At 12V the bed draws 12 Amps which is right at the 80% point of the 15A fuse. You don't want to exceed 80% long term because fuses have a +/- tolerance and they also age (they will blow sooner when they get older...ask the guys who designed the Solar Max satellite).

At 24V the bed draws 24 Amps which is way over the fuse level.

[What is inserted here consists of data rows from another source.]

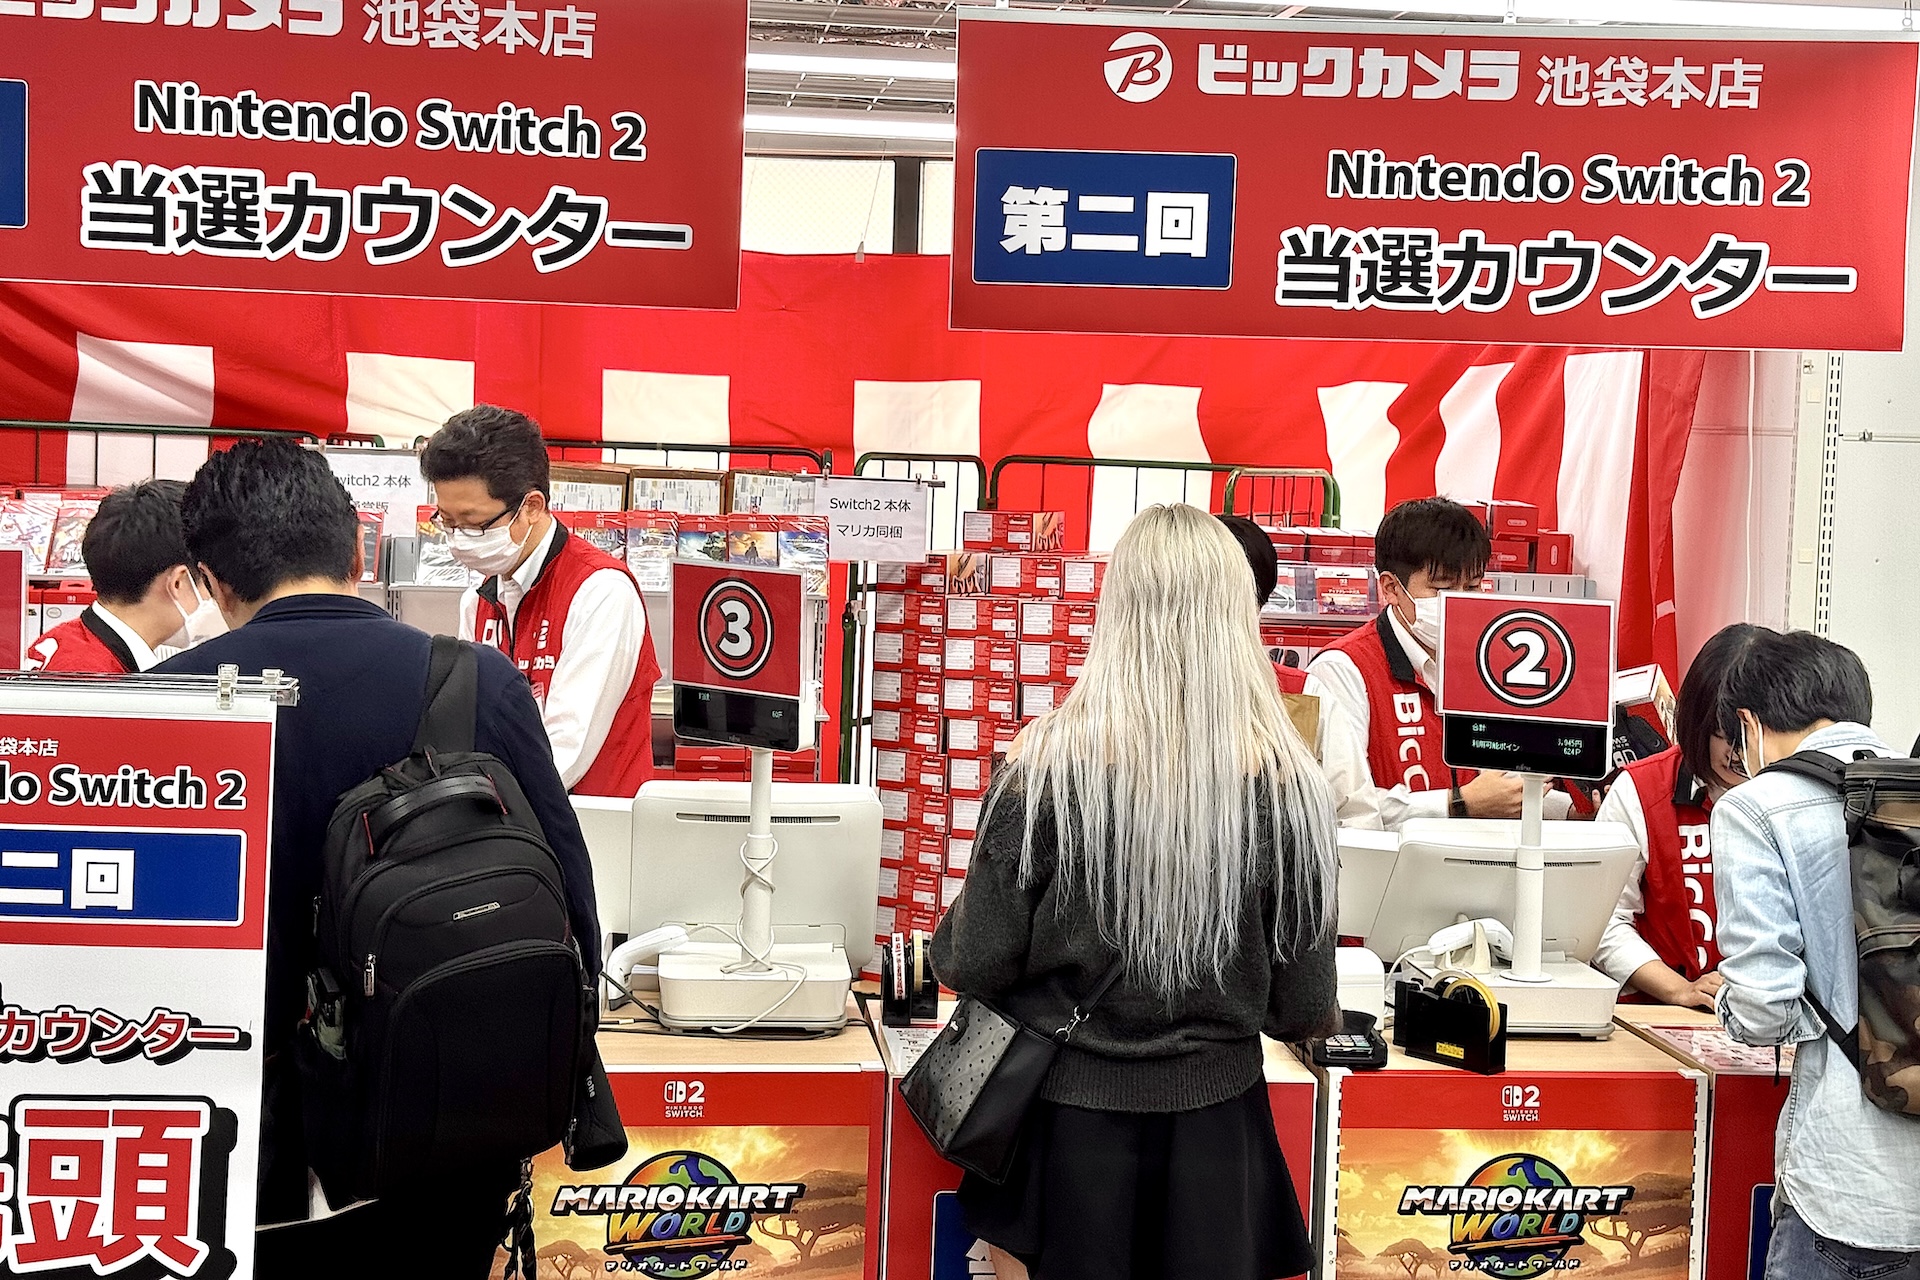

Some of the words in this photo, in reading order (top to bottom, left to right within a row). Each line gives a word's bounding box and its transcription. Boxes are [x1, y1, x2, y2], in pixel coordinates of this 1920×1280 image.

[361, 0, 597, 58] 池袋本店
[1198, 43, 1520, 102] ビックカメラ
[1536, 56, 1764, 110] 池袋本店
[136, 81, 405, 147] Nintendo
[417, 103, 600, 158] Switch
[611, 113, 646, 160] 2
[1328, 151, 1573, 204] Nintendo
[1581, 155, 1760, 205] Switch
[1772, 158, 1810, 206] 2
[82, 162, 692, 272] 当選カウンター
[999, 185, 1211, 256] 第二回
[1276, 227, 1857, 315] 当選カウンター
[383, 474, 412, 488] 本体
[829, 498, 881, 511] Switch2
[884, 498, 912, 513] 本体
[836, 524, 903, 539] マリカ同梱
[50, 765, 204, 807] Switch
[216, 770, 246, 808] 2
[665, 1110, 704, 1118] SWITCH
[1503, 1114, 1539, 1122] SWITCH
[0, 1108, 202, 1268] 頭
[609, 1211, 747, 1243] WORLD
[1452, 1212, 1580, 1243] WORLD
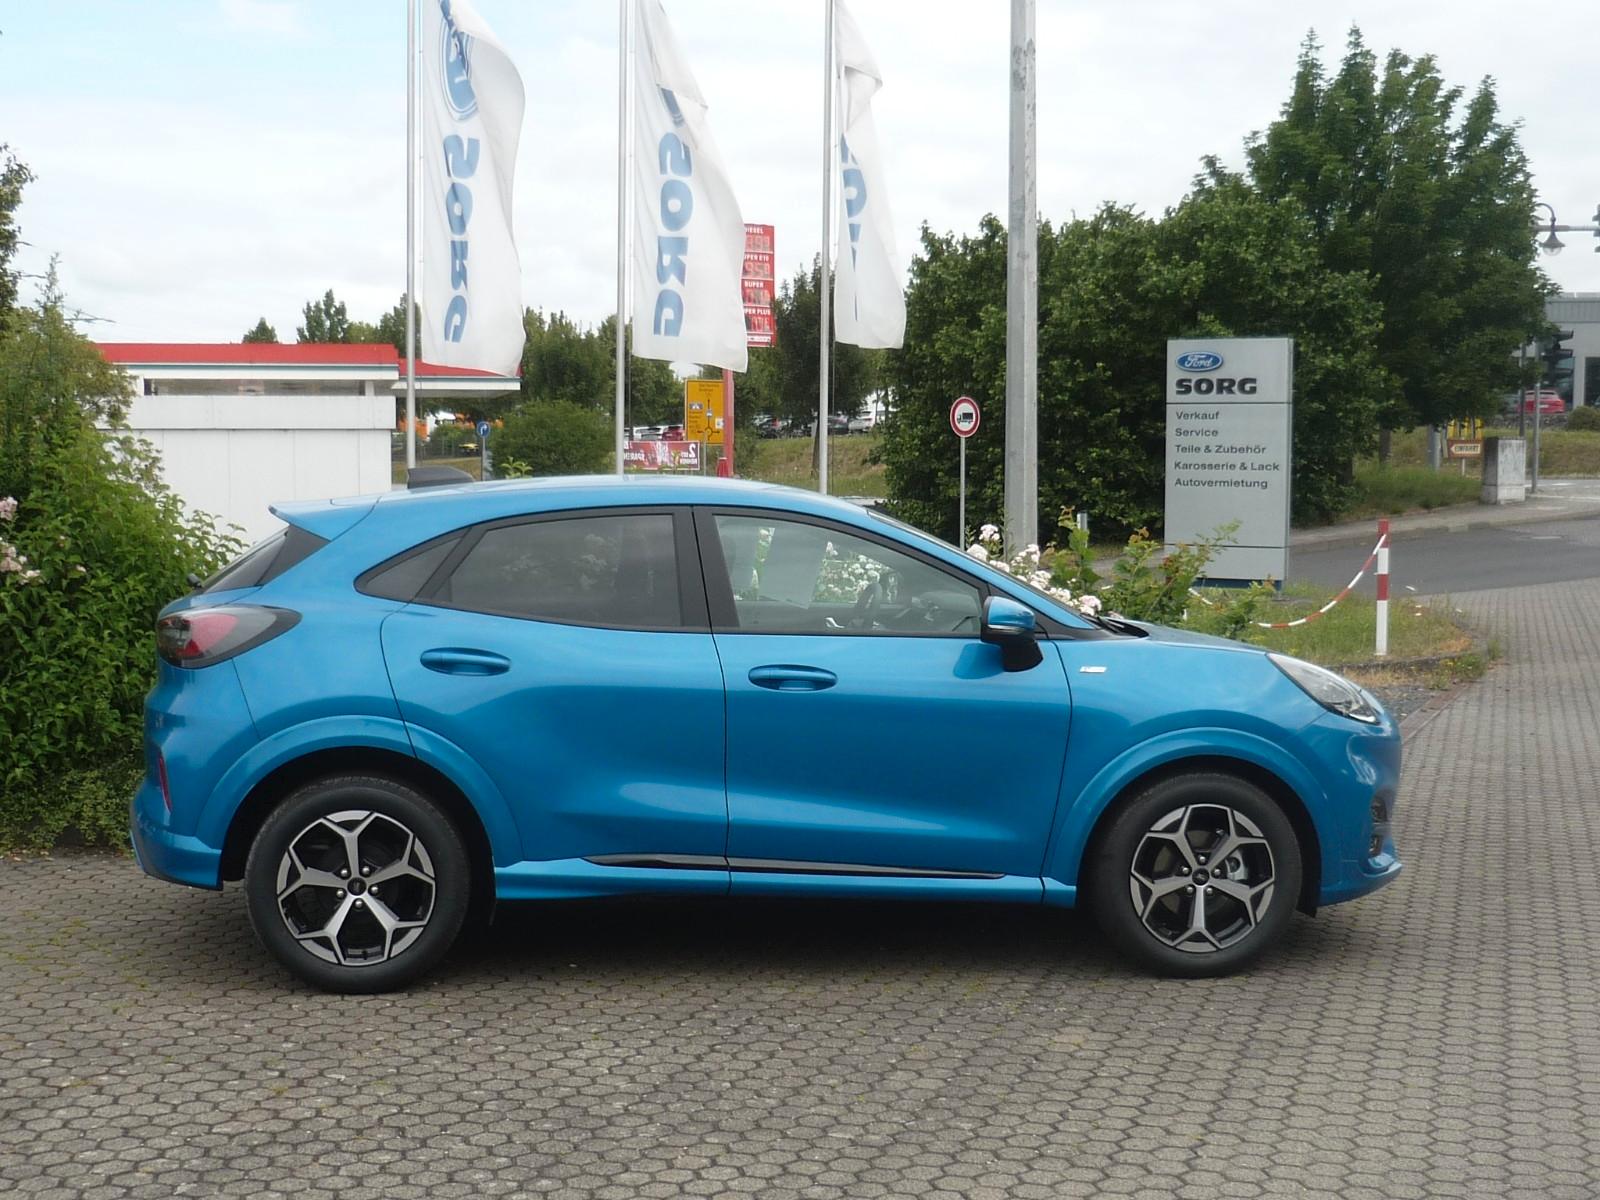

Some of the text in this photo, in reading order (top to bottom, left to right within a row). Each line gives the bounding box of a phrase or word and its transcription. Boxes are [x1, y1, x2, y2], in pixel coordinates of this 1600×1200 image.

[744, 280, 764, 288] SUPER
[1184, 354, 1213, 368] Ford
[1175, 377, 1257, 395] SORG
[1175, 411, 1220, 421] Verkauf
[1175, 428, 1219, 437] Service
[1175, 444, 1266, 455] Teile & Zubehör
[1174, 461, 1280, 472] Karosserie & Lack
[1174, 478, 1268, 490] Autovermietung
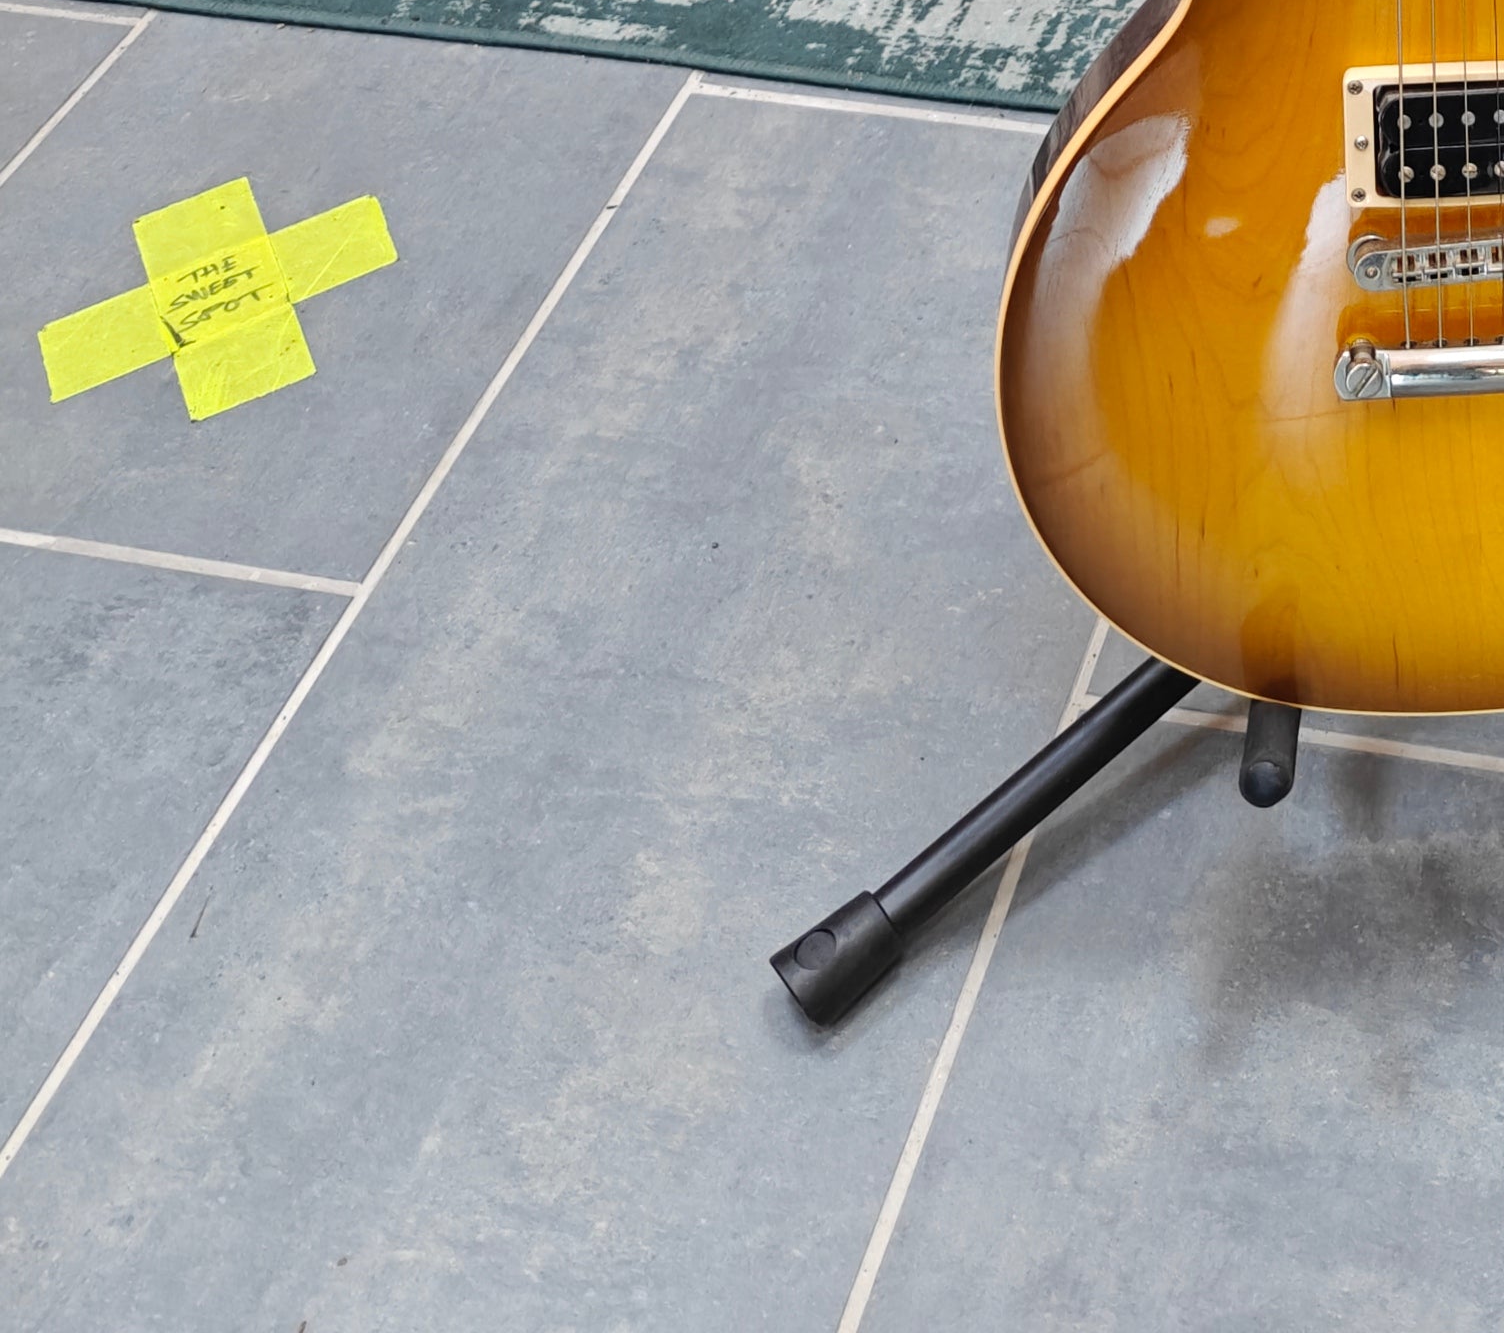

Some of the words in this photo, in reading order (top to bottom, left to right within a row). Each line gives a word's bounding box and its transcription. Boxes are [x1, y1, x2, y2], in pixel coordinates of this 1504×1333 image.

Just for info, a Wattage comparison:

At 12V the bed is drawing 144 Watts.
At 24V it's drawing 576 Watts (about half what a small burner on an electric cooktop uses).

Math used:
Amps = Volts / Resistance
Watts = Volts * Amps
Watts also = Amps * Amps * Resistance
Watts also = Volts * Volts / Resistance
R3 bed is actually a bit higher resistance which is why they are selling it as 24V only. Apparently they are more like 1.2ohm, so 20A and 480W at 24V. The PSU is also voltage adjustable from 22V-26.4V, so I plan on turning the voltage down to its lower limit of 22V...making the bed see 18.3A and 403W.

The only think I'm unsure of about this is whether or not a 24V-12V buck converter will cut the voltage in half on make the output 11V or if it is specifically targeting 12V whether the input is 22V or 24V. Maybe someone with a bit more knowledge of voltage converters can comment.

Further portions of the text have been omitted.